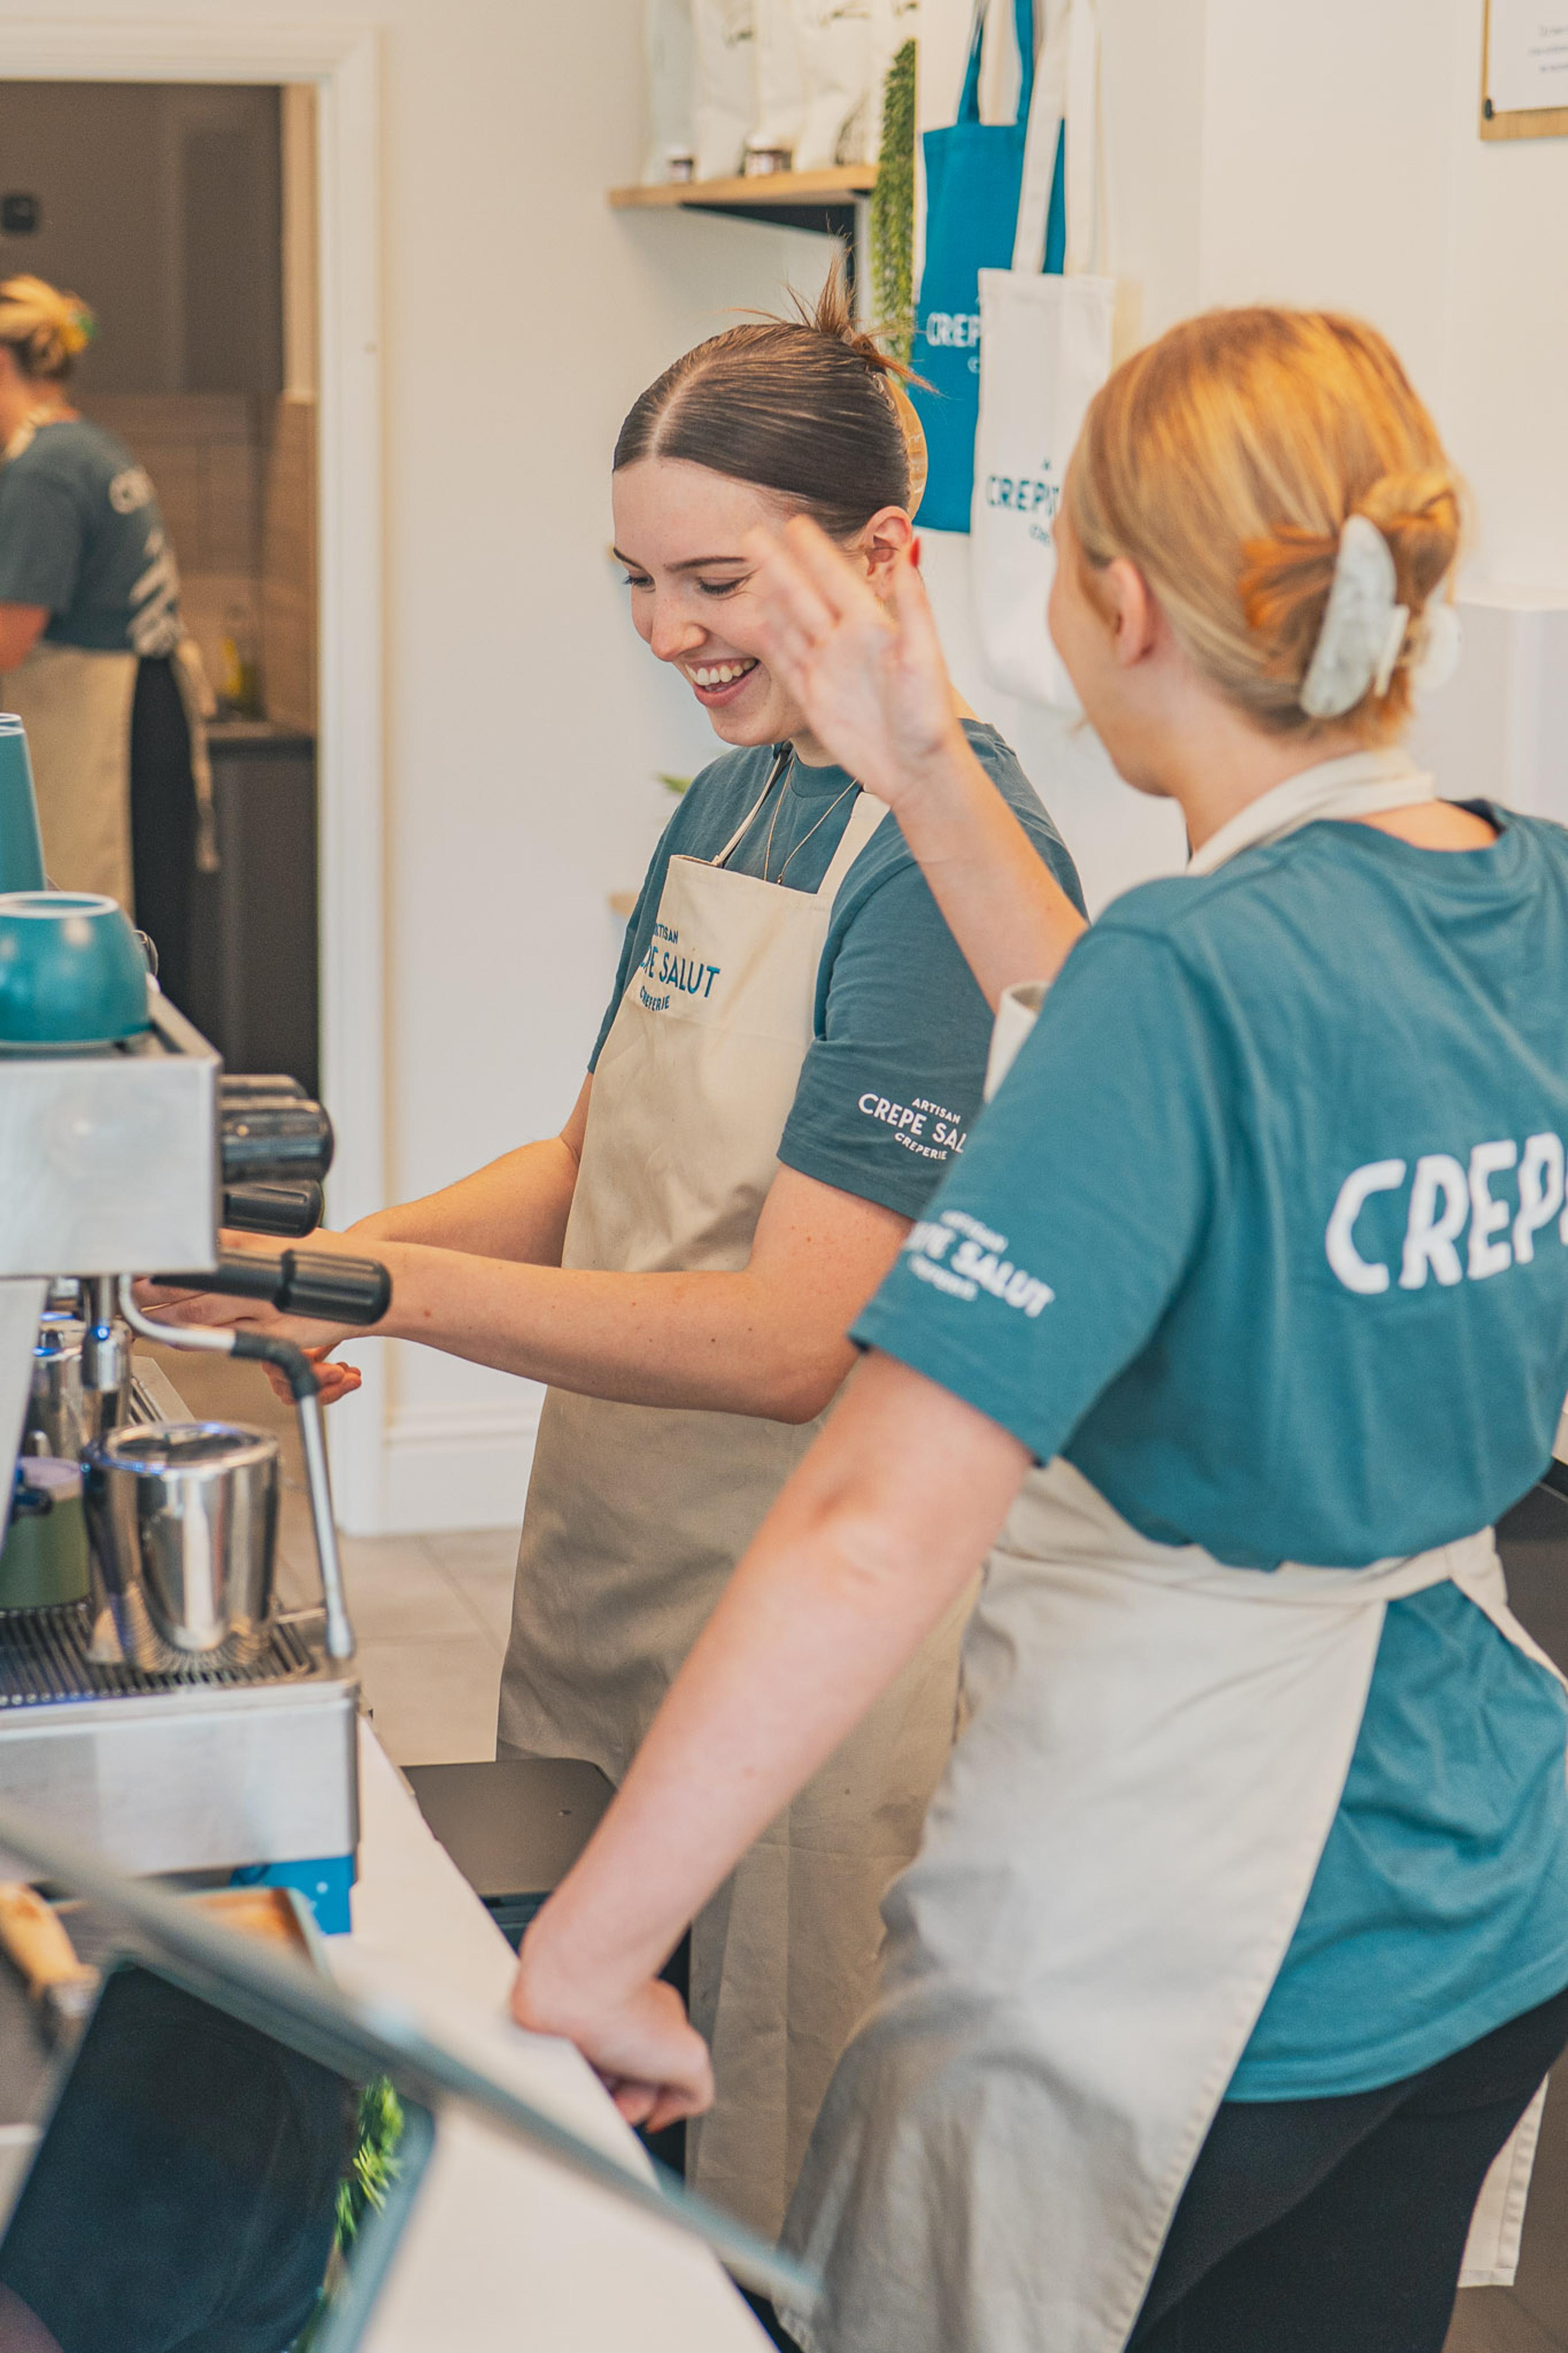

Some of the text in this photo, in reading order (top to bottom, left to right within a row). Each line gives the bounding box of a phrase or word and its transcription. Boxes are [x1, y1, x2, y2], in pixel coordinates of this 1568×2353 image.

[659, 952, 721, 998] SALUT
[640, 986, 670, 1012] CREPERIE
[858, 1093, 967, 1153] CREPE SAL
[911, 1097, 961, 1124] ARTISAN
[894, 1132, 947, 1160] CREPERIE
[1325, 1132, 1568, 1295] CREP
[951, 1240, 1056, 1318] SALUT
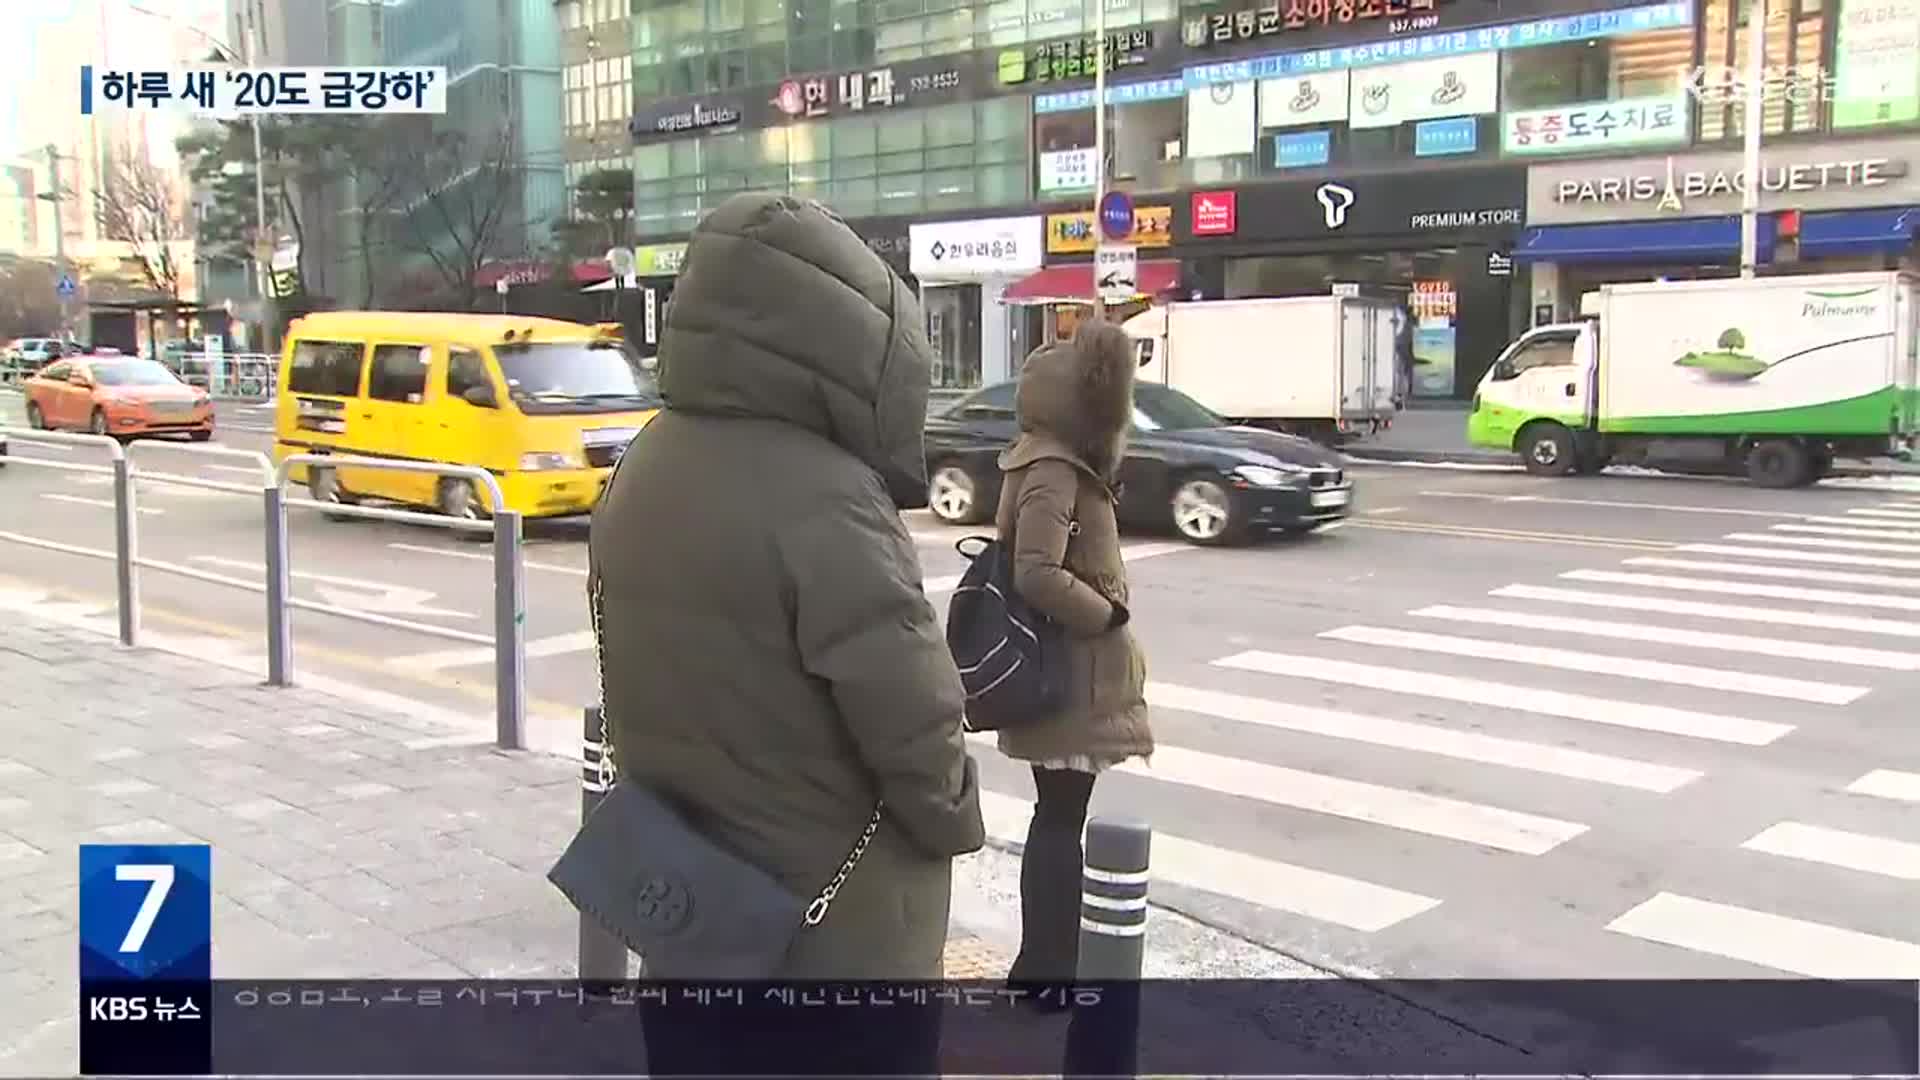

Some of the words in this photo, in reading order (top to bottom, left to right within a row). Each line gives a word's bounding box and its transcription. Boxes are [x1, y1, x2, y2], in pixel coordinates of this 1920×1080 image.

[1558, 176, 1656, 204] PARIS
[1411, 211, 1476, 229] PREMIUM
[1477, 208, 1522, 225] STORE

# # # # # # #

Pictures aside, reproduce all of the data exactly.

Some of the text in this photo, in reading order (top to bottom, left to right within a row). Each line gives the bounding box of a phrase or word and its transcription. Boxes are [x1, y1, x2, y2], in pixel coordinates of this 1568×2353 image.

[659, 952, 721, 998] SALUT
[640, 986, 670, 1012] CREPERIE
[858, 1093, 967, 1153] CREPE SAL
[911, 1097, 961, 1124] ARTISAN
[894, 1132, 947, 1160] CREPERIE
[1325, 1132, 1568, 1295] CREP
[951, 1240, 1056, 1318] SALUT

Some of the words in this photo, in reading order (top to bottom, left to right within a row). Each line gives a word's bounding box and its transcription. Boxes are [x1, y1, x2, y2], in pixel coordinates of this 1920×1080 image.

[1558, 176, 1656, 204] PARIS
[1411, 211, 1476, 229] PREMIUM
[1477, 208, 1522, 225] STORE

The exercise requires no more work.